Em palestra recente, eu fiz a pergunta marota: “… Quem sabe o que é acrasia?…”. Os que “sabiam” responderam que é erro na colocação da crase num texto. Na verdade, não sabiam! Chego lá.
A palestra era sobre Bioética da Beira do leito. Particularmente sobre o empenho do médico para que o paciente mude hábitos de vida considerados prejudiciais à saúde.
O objetivo era mostrar o quanto a Bioética da Beira do leito põe-se à disposição dos dilemas e dos conflitos da relação médico-paciente e faz sugestões de atitudes.
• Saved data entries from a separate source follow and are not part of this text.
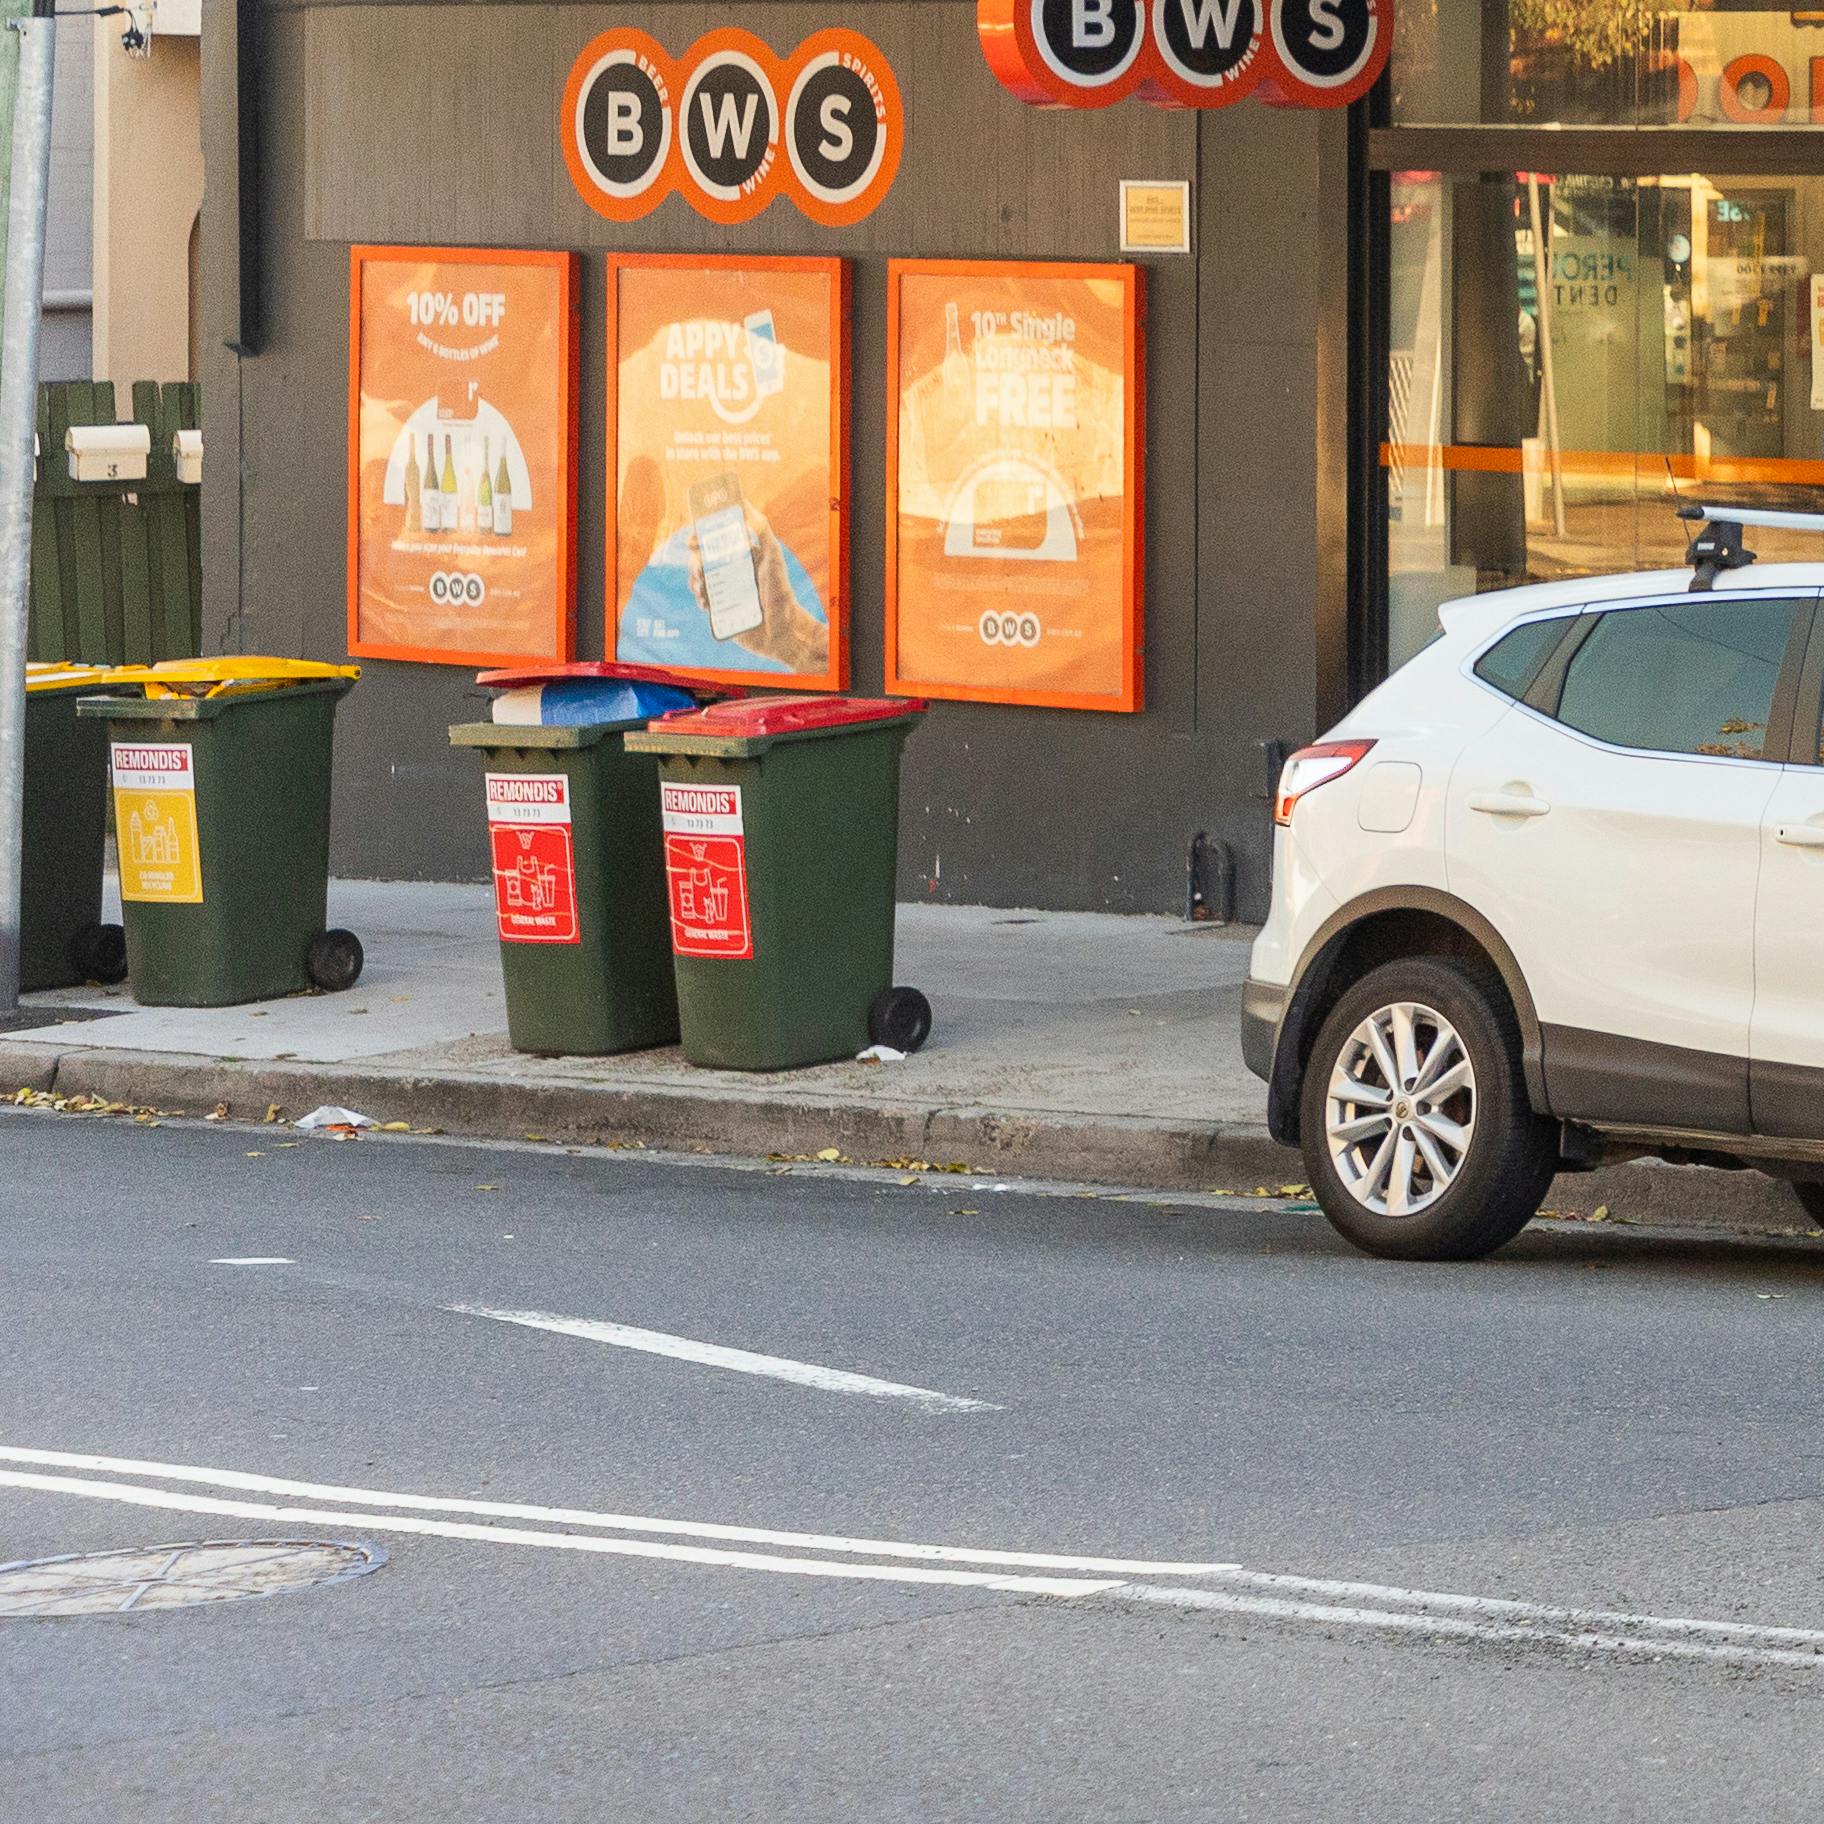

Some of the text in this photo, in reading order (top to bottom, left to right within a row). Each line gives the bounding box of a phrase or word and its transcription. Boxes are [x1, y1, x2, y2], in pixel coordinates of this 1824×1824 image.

[634, 54, 670, 105] BEER
[1223, 38, 1262, 83] WINE
[842, 52, 887, 120] SPIRITS
[741, 147, 776, 196] WINE
[406, 291, 506, 327] 10% OFF
[665, 322, 741, 360] APPY
[659, 363, 749, 401] DEALS
[975, 373, 1077, 427] FREE
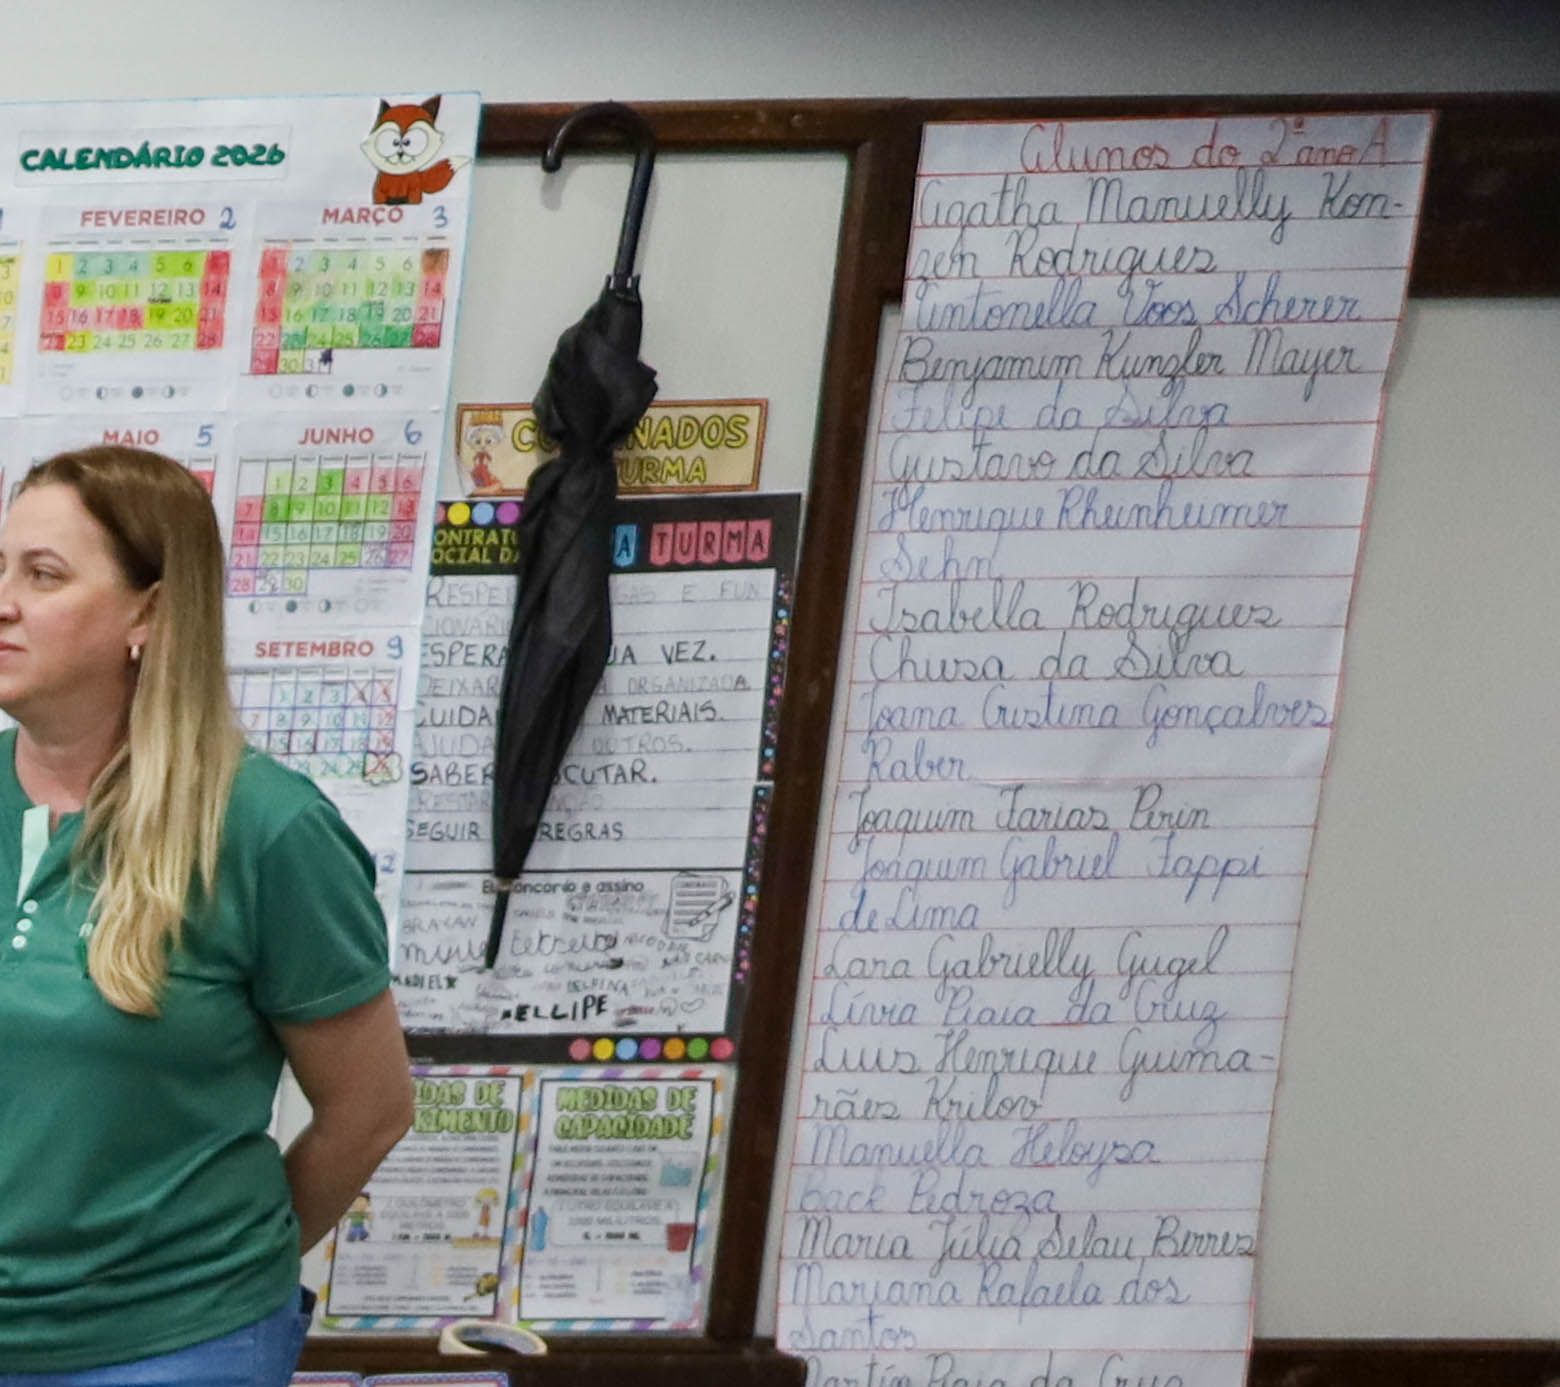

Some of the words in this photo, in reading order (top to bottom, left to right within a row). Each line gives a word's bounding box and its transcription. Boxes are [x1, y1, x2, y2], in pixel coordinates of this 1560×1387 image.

[21, 142, 202, 171] CALENDÁRIO
[211, 144, 285, 167] 2026
[1021, 121, 1169, 172] Alunos
[1189, 117, 1240, 168] do
[1294, 139, 1358, 167] ano
[1358, 117, 1391, 168] A
[80, 207, 205, 228] FEVEREIRO
[219, 207, 237, 230] 2
[321, 205, 404, 226] MARÇO
[432, 207, 449, 229] 3
[916, 174, 1062, 229] Agatha
[1087, 165, 1292, 244] Manuelly
[1008, 224, 1218, 294] Rodrigues
[915, 267, 1097, 331] Antonella
[1214, 263, 1362, 323] Scherer
[1245, 328, 1362, 402] Mayer
[890, 385, 1010, 433] Felipe
[1036, 379, 1083, 429] da
[1103, 383, 1230, 428] Silva
[102, 429, 160, 446] MAIO
[195, 423, 214, 448] 5
[298, 427, 374, 446] JUNHO
[403, 420, 422, 446] 6
[889, 437, 1057, 509] Gustavo
[1069, 432, 1120, 481] da
[1135, 428, 1256, 479] Silva
[655, 529, 766, 558] TURMA
[877, 486, 1046, 558] Henrique
[869, 577, 1046, 632] Isabella
[1067, 577, 1284, 640] Rodrigues
[254, 640, 374, 659] SETEMBRO
[386, 636, 404, 660] 9
[661, 640, 716, 665] VEZ.
[1038, 632, 1090, 681] da
[1112, 632, 1247, 681] Silva
[860, 688, 959, 751] Joana
[982, 680, 1120, 729] Cristina
[1141, 680, 1333, 749] Gonçalves
[847, 784, 975, 853] Joaquim
[1126, 783, 1210, 830] Perin
[856, 835, 988, 895] Joaquim
[1000, 832, 1120, 910] Gabriel
[839, 888, 879, 932] de
[887, 893, 980, 931] Lima
[823, 934, 916, 979] Lara
[927, 927, 1095, 999] Gabrielly
[1117, 924, 1230, 999] Gugel
[1062, 974, 1115, 1026] da
[1134, 979, 1230, 1046] Cruz
[933, 1027, 1097, 1100] Henrique
[557, 1087, 657, 1113] MEDIDAS
[666, 1087, 696, 1112] DE
[555, 1112, 693, 1141] CAPACIDADE
[809, 1119, 988, 1168] Manuella
[1009, 1119, 1161, 1185] Heloysa
[798, 1215, 914, 1260] Maria
[929, 1214, 1024, 1277] Júlia
[792, 1262, 962, 1307] Mariana
[975, 1261, 1104, 1326] Rafaela
[1119, 1259, 1190, 1306] dos
[789, 1306, 920, 1351] Santos
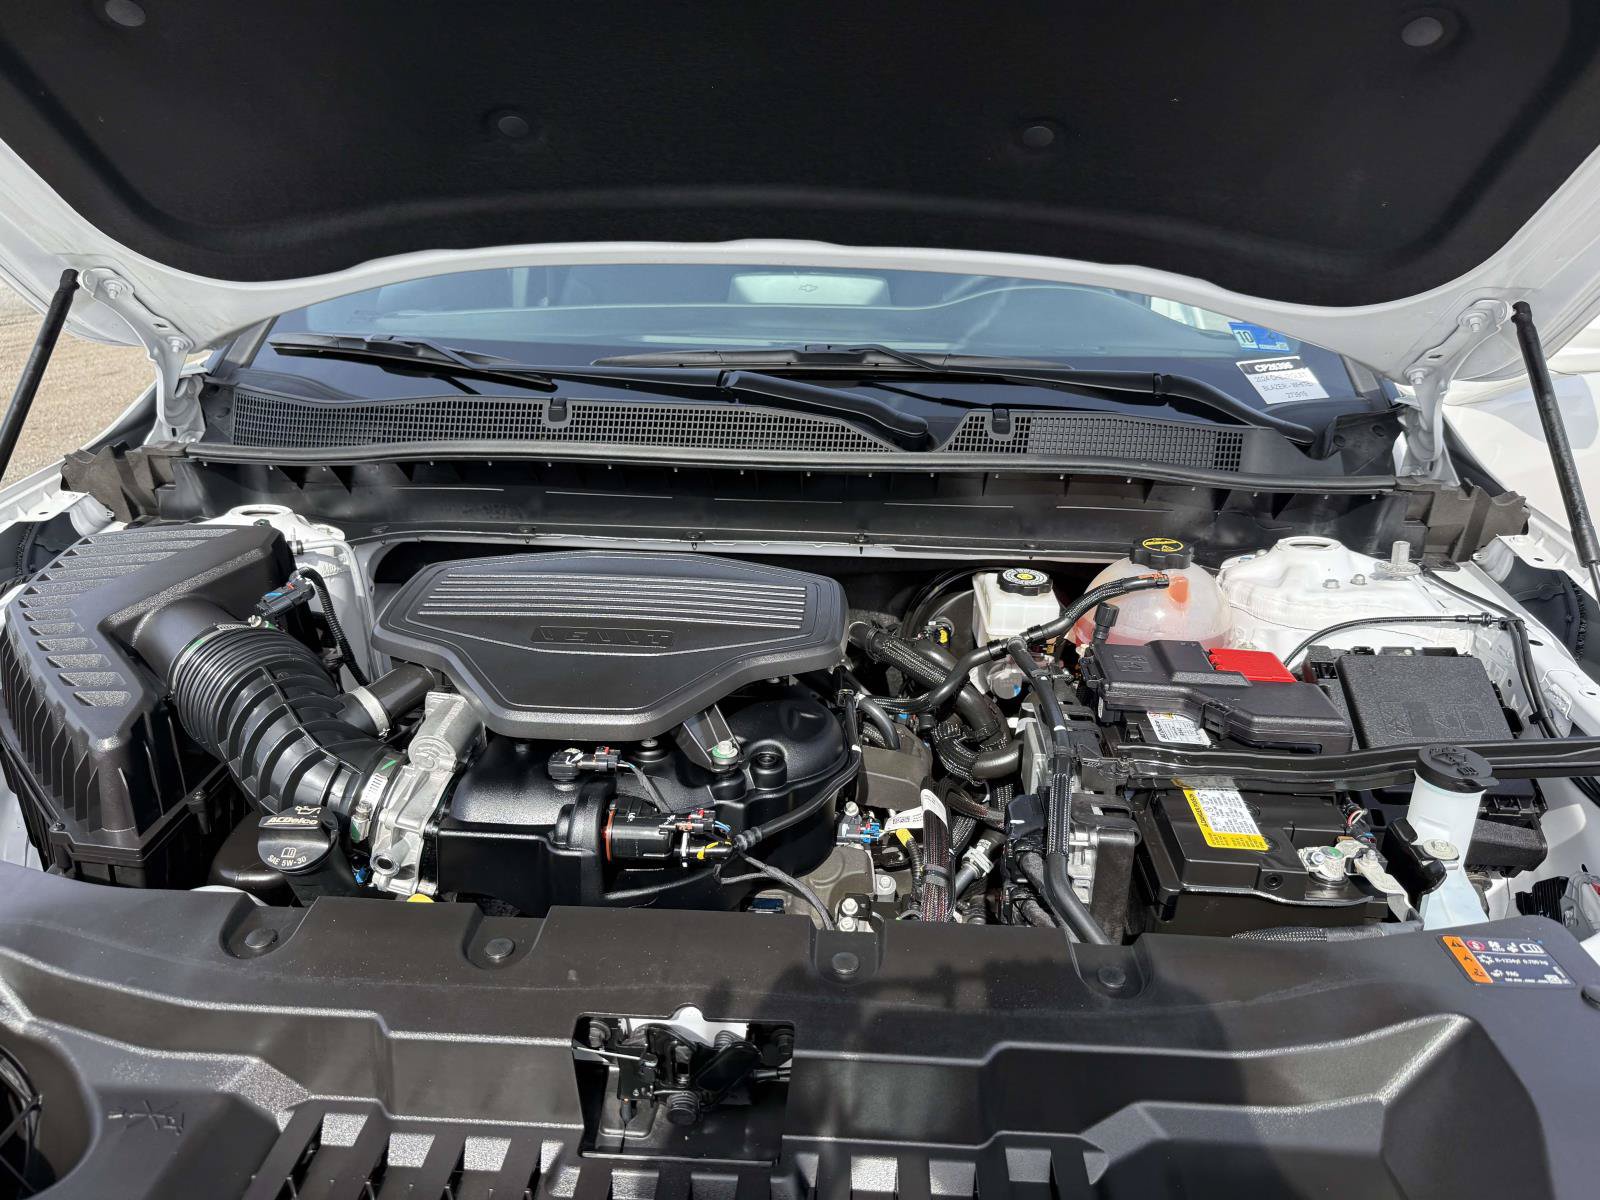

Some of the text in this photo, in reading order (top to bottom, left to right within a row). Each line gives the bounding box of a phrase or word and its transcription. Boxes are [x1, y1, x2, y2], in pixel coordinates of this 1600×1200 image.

E o seu valor para a análise judiciosa pelo médico das muitas descobertas acerca dos juízos humanos.
Uma conclusão foi que, de surpresa em surpresa, o médico convence-se que o que ele conhece de Medicina, o que racionalmente endossa ser de utilidade clínica, nem sempre é bem-vindo para o paciente, especialmente em se tratando de propostas de mudança de hábito.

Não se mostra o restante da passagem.